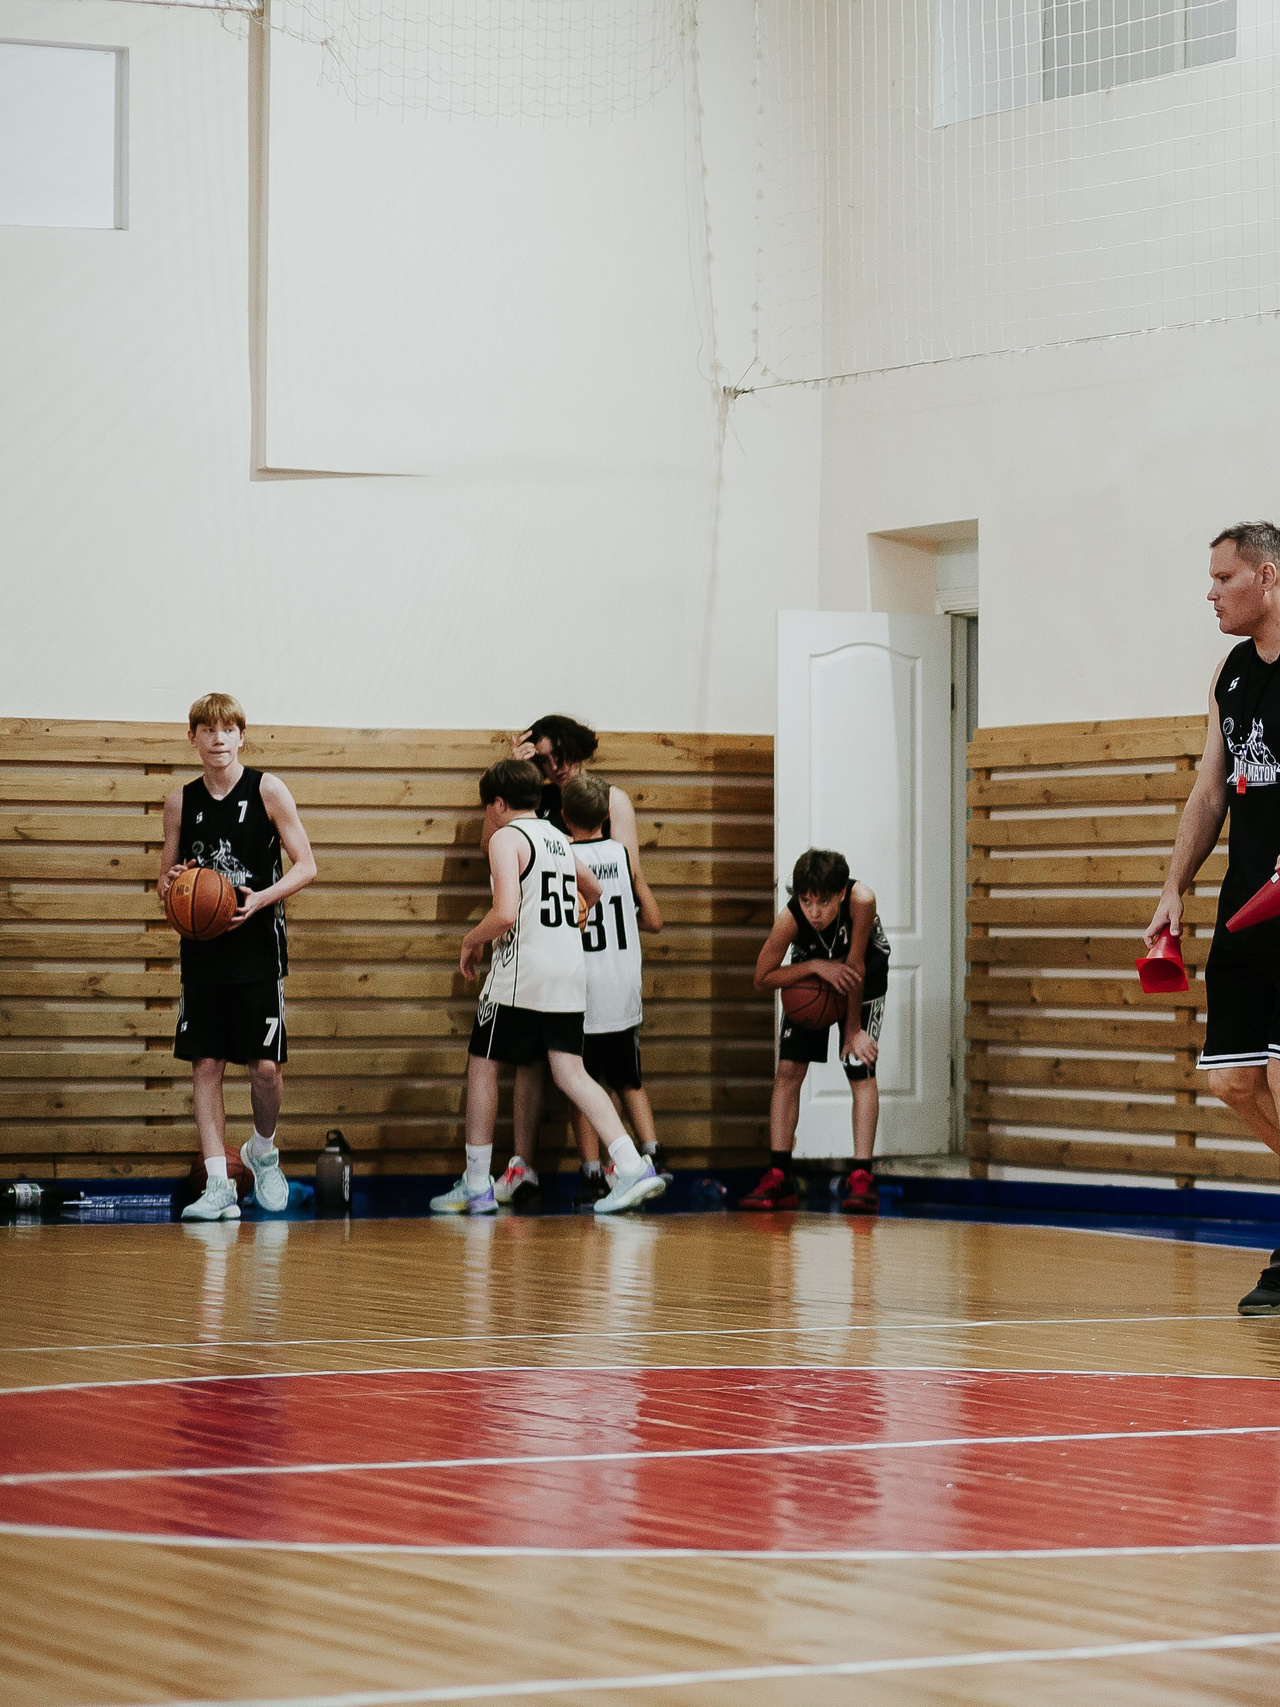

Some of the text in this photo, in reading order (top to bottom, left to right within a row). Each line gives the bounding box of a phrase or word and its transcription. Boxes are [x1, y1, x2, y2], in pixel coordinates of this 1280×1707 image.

[238, 800, 248, 823] 7
[540, 870, 579, 928] 55
[581, 894, 627, 952] 31
[262, 1017, 279, 1047] 7
....................
### [EXERCISE DETAILS]
Drop the images and copy all the data exactly.

### [ANSWER SPACE]
Some of the text in this photo, in reading order (top to bottom, left to right within a row). Each line gives the bounding box of a phrase or word and its transcription. Boxes are [x1, y1, x2, y2], in pixel coordinates of this 1280×1707 image.

[238, 800, 248, 823] 7
[540, 870, 579, 928] 55
[581, 894, 627, 952] 31
[262, 1017, 279, 1047] 7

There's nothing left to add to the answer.